• _Instructions to follow_:
Leaving out the images, transcribe every record below exactly.

(Beginning of Dataset extract)

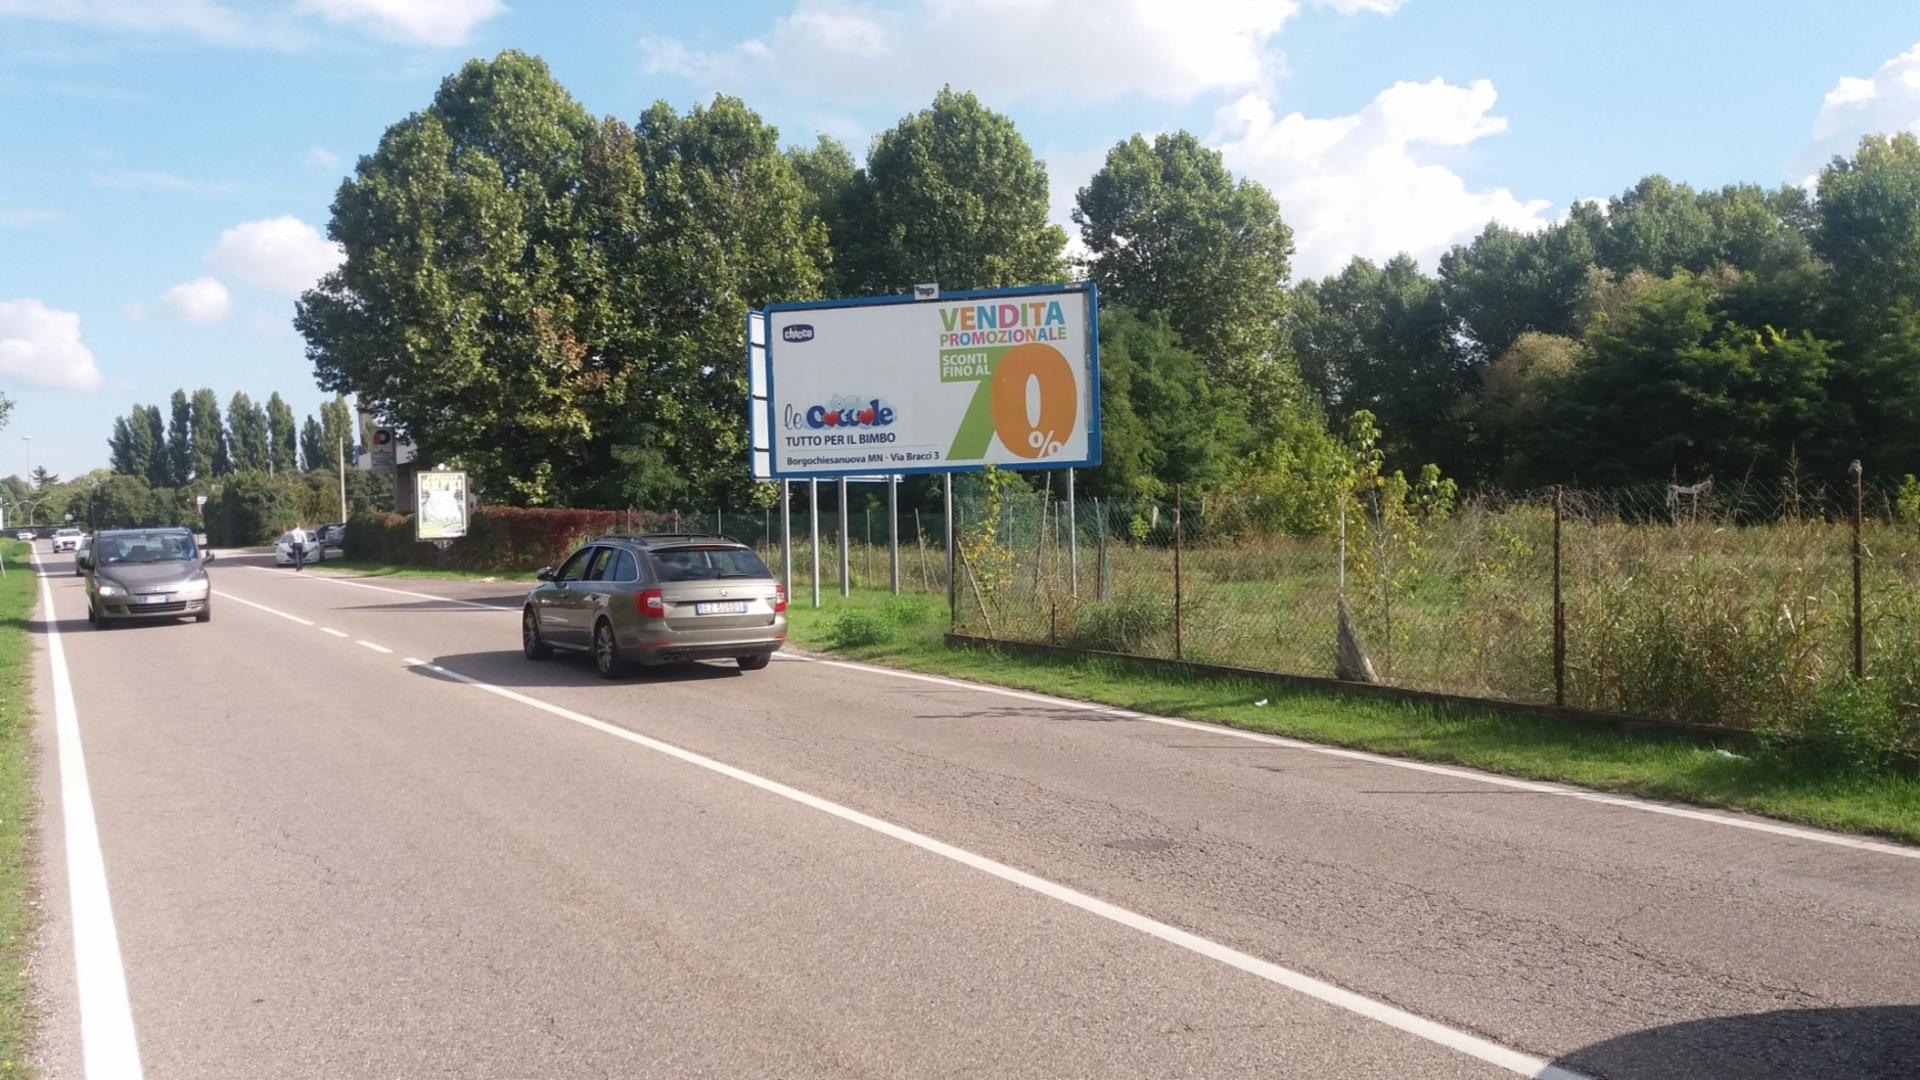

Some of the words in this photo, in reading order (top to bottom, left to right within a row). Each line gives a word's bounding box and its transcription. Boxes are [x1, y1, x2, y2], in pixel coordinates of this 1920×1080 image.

[939, 301, 1064, 331] VENDITA
[940, 327, 1066, 346] PROMOZIONALE
[942, 353, 988, 366] SCONTI
[943, 366, 973, 377] FINO
[975, 365, 992, 376] AL
[786, 435, 821, 447] TUTTO
[824, 434, 845, 445] PER
[847, 433, 857, 444] IL
[859, 432, 896, 444] BIMBO
[787, 456, 866, 467] Borgochiesanuova
[868, 453, 883, 462] MN
[890, 452, 904, 461] Via
[906, 451, 932, 461] Bracci
[934, 451, 940, 460] 3

(End of Dataset extract)

• _Answer to this problem_:
Some of the words in this photo, in reading order (top to bottom, left to right within a row). Each line gives a word's bounding box and its transcription. Boxes are [x1, y1, x2, y2], in pixel coordinates of this 1920×1080 image.

[939, 301, 1064, 331] VENDITA
[940, 327, 1066, 346] PROMOZIONALE
[942, 353, 988, 366] SCONTI
[943, 366, 973, 377] FINO
[975, 365, 992, 376] AL
[786, 435, 821, 447] TUTTO
[824, 434, 845, 445] PER
[847, 433, 857, 444] IL
[859, 432, 896, 444] BIMBO
[787, 456, 866, 467] Borgochiesanuova
[868, 453, 883, 462] MN
[890, 452, 904, 461] Via
[906, 451, 932, 461] Bracci
[934, 451, 940, 460] 3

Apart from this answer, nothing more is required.